Rylan Hanks

Rylan Hanks has a diverse range of work experience in the pharmaceutical industry. Rylan began their career as an Intern Pharmacist at Raincross Pharmacy from September 2009 to December 2013. Rylan then worked as a Pharmacist Extern at the University of Southern California from August 2012 to April 2013 and at the FDA from February 2013 to March 2013.

In January 2014, Rylan joined the FDA as a Regulatory Project Manager, where they evaluated and provided signatory endorsement for the approval of Abbreviated New Drug Applications (ANDAs). Rylan also collaborated with various regulatory experts and led workgroups to determine appropriate product labeling and evaluate workload metrics. During their time at the FDA, they also conducted regulatory research and reviewed submissions from applicants.

In 2015, Rylan transitioned to Amgen, a biotechnology company, where they held various roles. Rylan initially served as a Regulatory Project Manager and Legal and Regulatory Analyst/Policy Reviewer at the FDA, evaluating ANDAs and handling complex patent and exclusivity issues. At Amgen, they first worked as a Regulatory Intelligence | Global R&D Regulatory Policy – Biosimilars from June 2015 to March 2016. Rylan then became the Director of Global R&D and Regulatory Policy from March 2016 to October 2018, where they managed global regulatory affairs and policies. Subsequently, they took on the role of Director, Global Regulatory Affairs from October 2018 to September 2022. In this position, they developed and executed global regulatory strategies, facilitated late-stage clinical studies, and supported label expansions for various products, including Nplate and AMG 451.

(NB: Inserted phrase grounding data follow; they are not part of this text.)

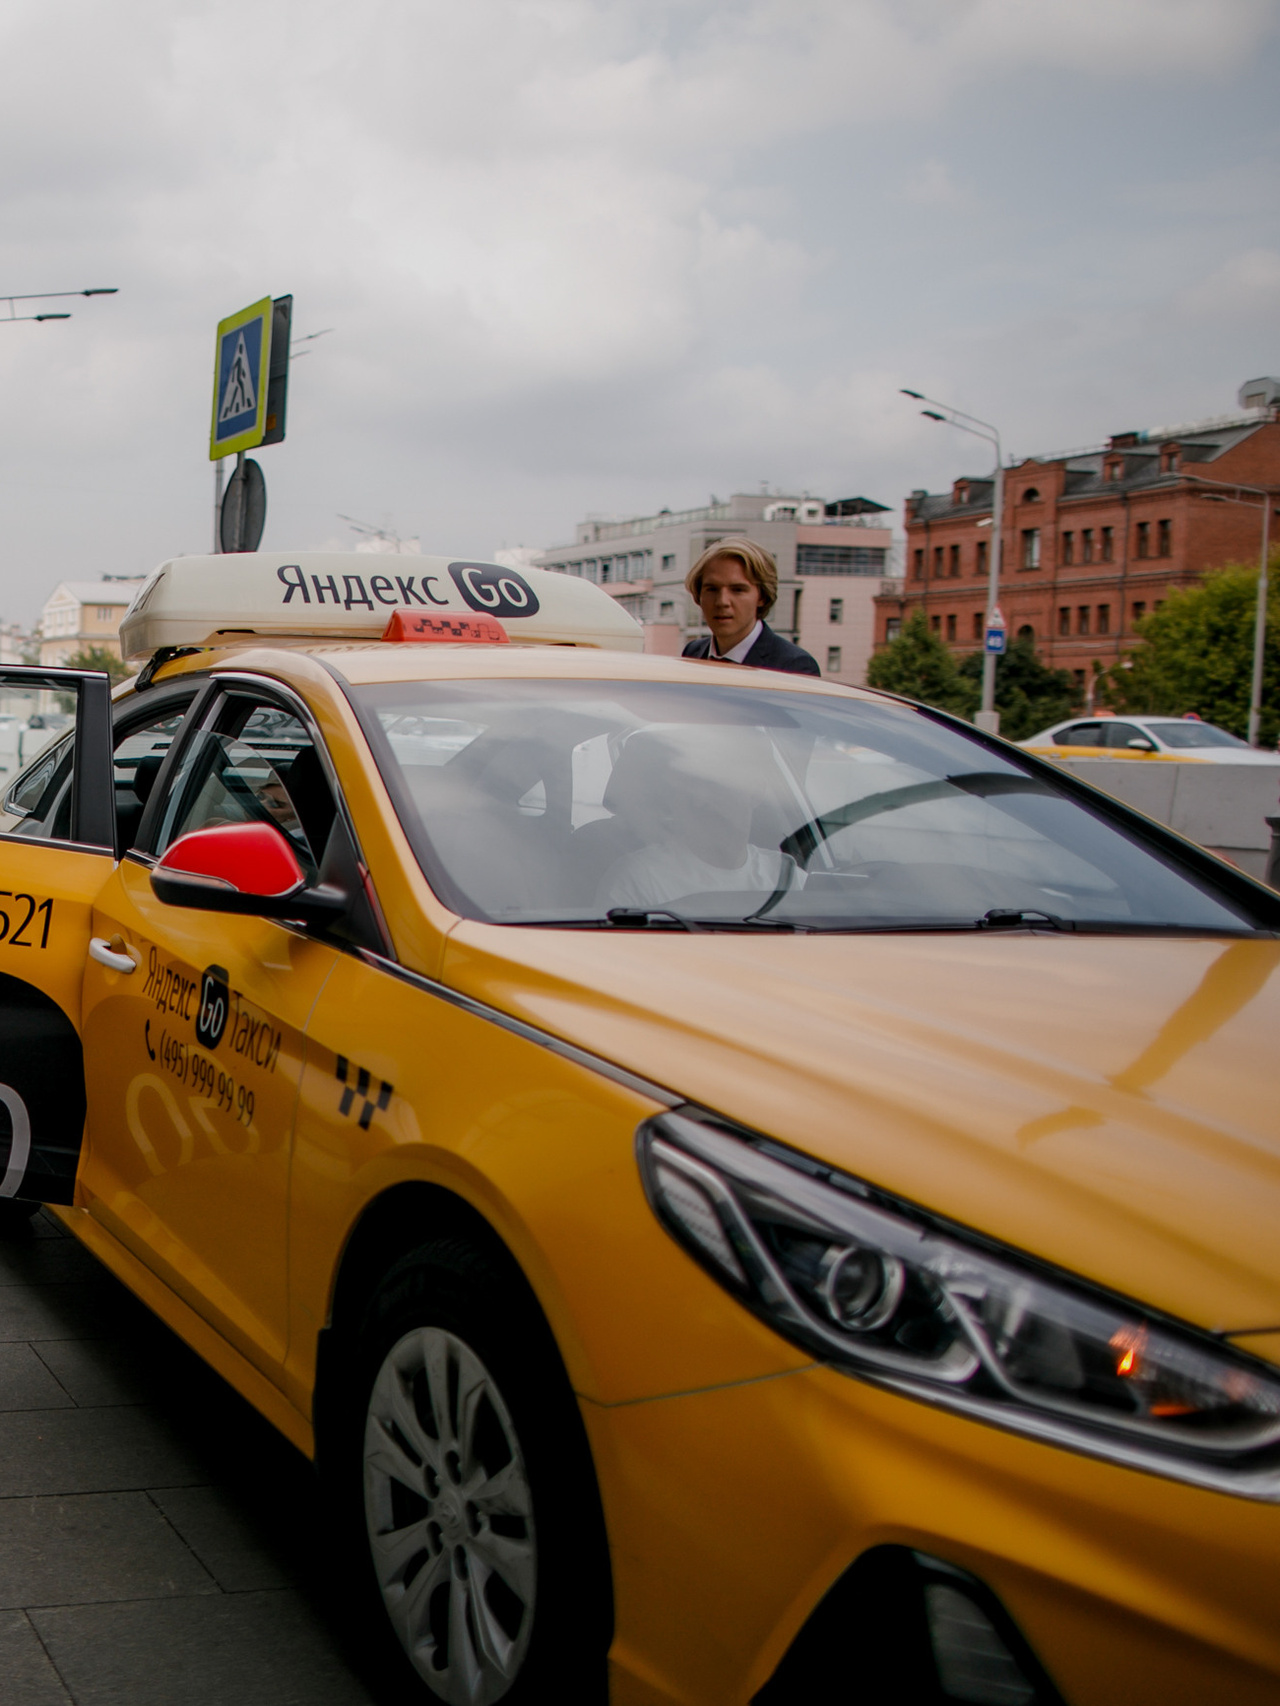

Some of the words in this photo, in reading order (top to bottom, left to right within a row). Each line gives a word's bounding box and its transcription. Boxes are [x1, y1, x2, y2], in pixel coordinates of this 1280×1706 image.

[277, 565, 449, 611] Яндекс
[462, 568, 528, 608] Go
[142, 945, 197, 1021] Яндекс
[199, 976, 225, 1038] Go
[229, 990, 282, 1074] Такси
[160, 1028, 189, 1085] (495)
[192, 1053, 215, 1099] 999
[218, 1072, 234, 1113] 99
[237, 1085, 255, 1128] 99
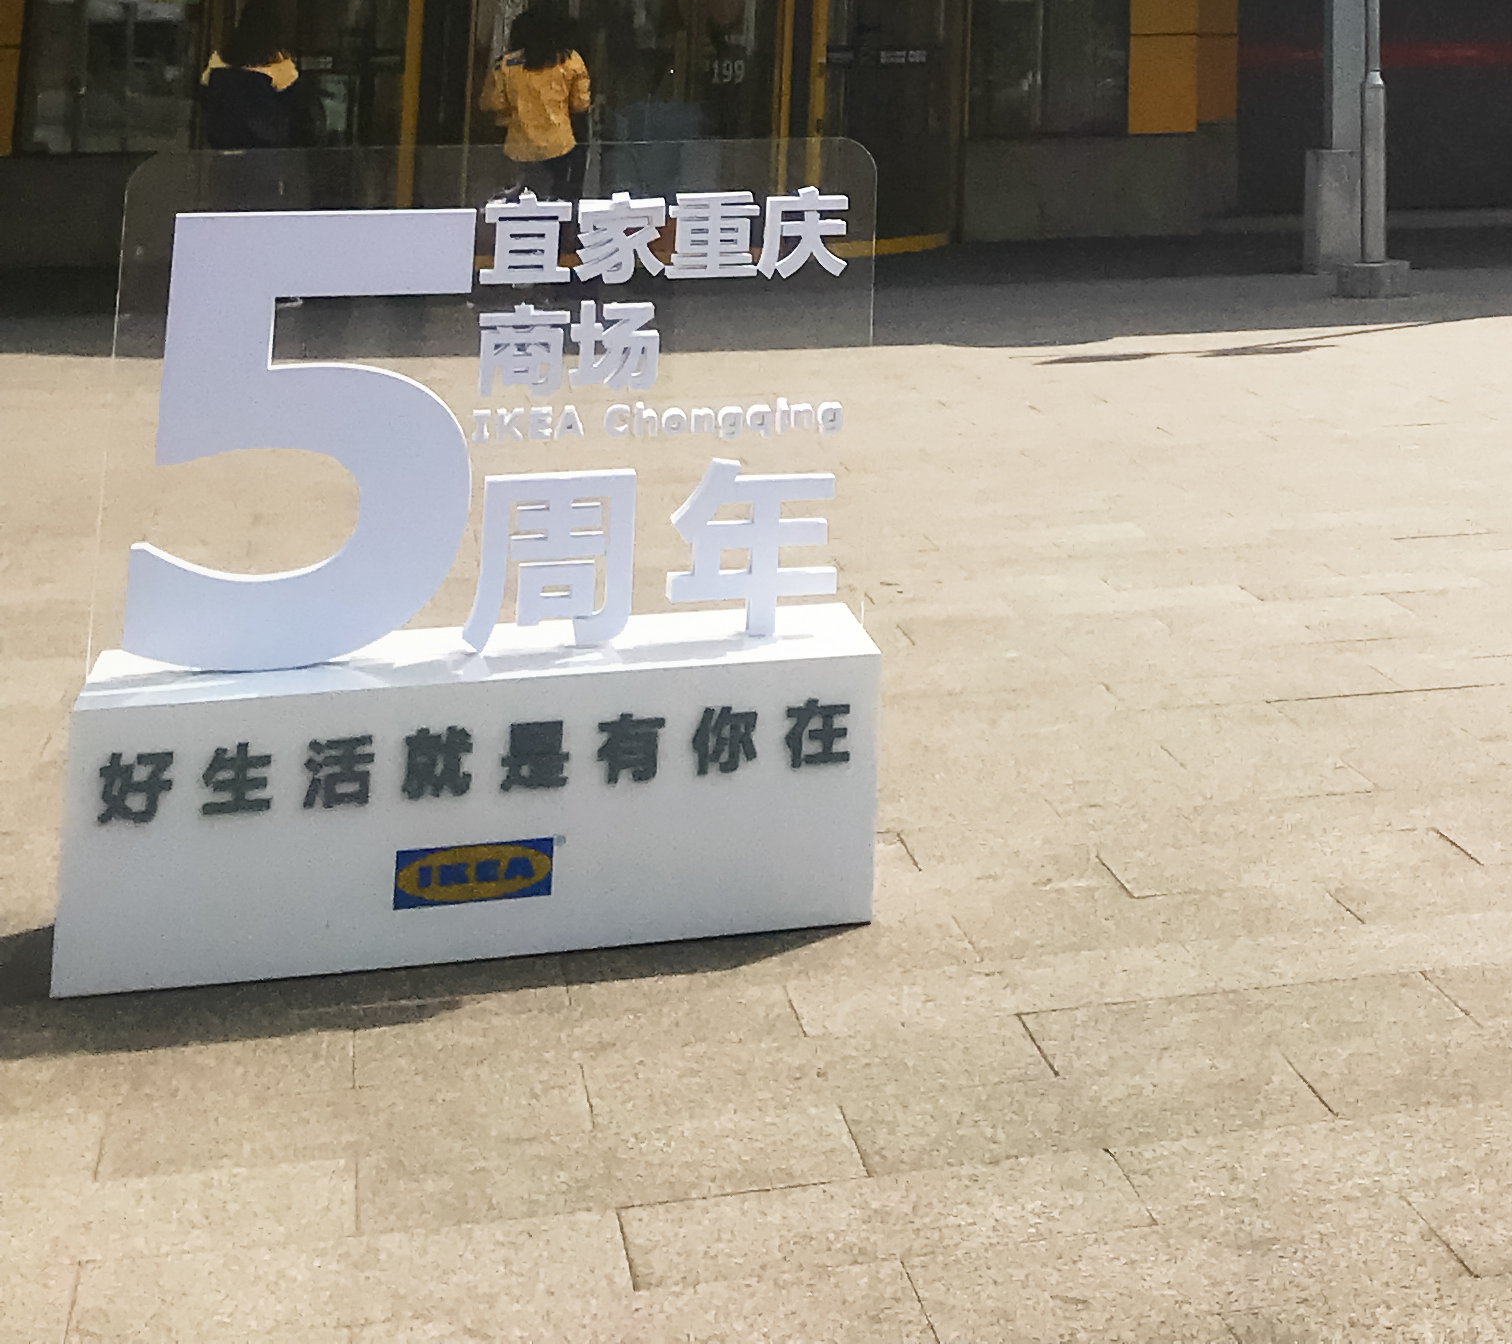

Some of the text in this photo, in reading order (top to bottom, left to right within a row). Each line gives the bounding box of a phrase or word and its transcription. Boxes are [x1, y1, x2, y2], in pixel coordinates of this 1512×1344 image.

[478, 185, 850, 285] 宜家重庆
[477, 299, 661, 398] 商场
[123, 208, 478, 672] 5
[471, 396, 844, 444] IKEA Chongqing
[461, 457, 838, 654] 周年
[95, 698, 853, 826] 好生活就是有你在
[416, 856, 536, 889] IKEA

Currently, Rylan Hanks is employed at Intercept Pharmaceuticals as the Senior Director of Regulatory Affairs, starting in September 2022. In this role, they serve as the Global Regulatory Lead for Ocaliva and a fixed-dose combination of obeticholic acid/bezafibrate. Their responsibilities include overseeing regulatory activities for marketed products, leading regulatory activities for supplemental marketing applications, and supporting business development with asset assessments. Rylan is also involved in managing and developing business policies and procedures related to regulatory activities.

Rylan Hanks pursued higher education, beginning with a Bachelor of Science (B.S) degree in Biology with a Pre-medicine option from California State University-San Bernardino. This period of academic development took place between 2004 and 2008. Rylan then went on to attend the University of Southern California, where they enrolled in the Pharm.D program from 2009 to 2013, specializing in Pharmacy.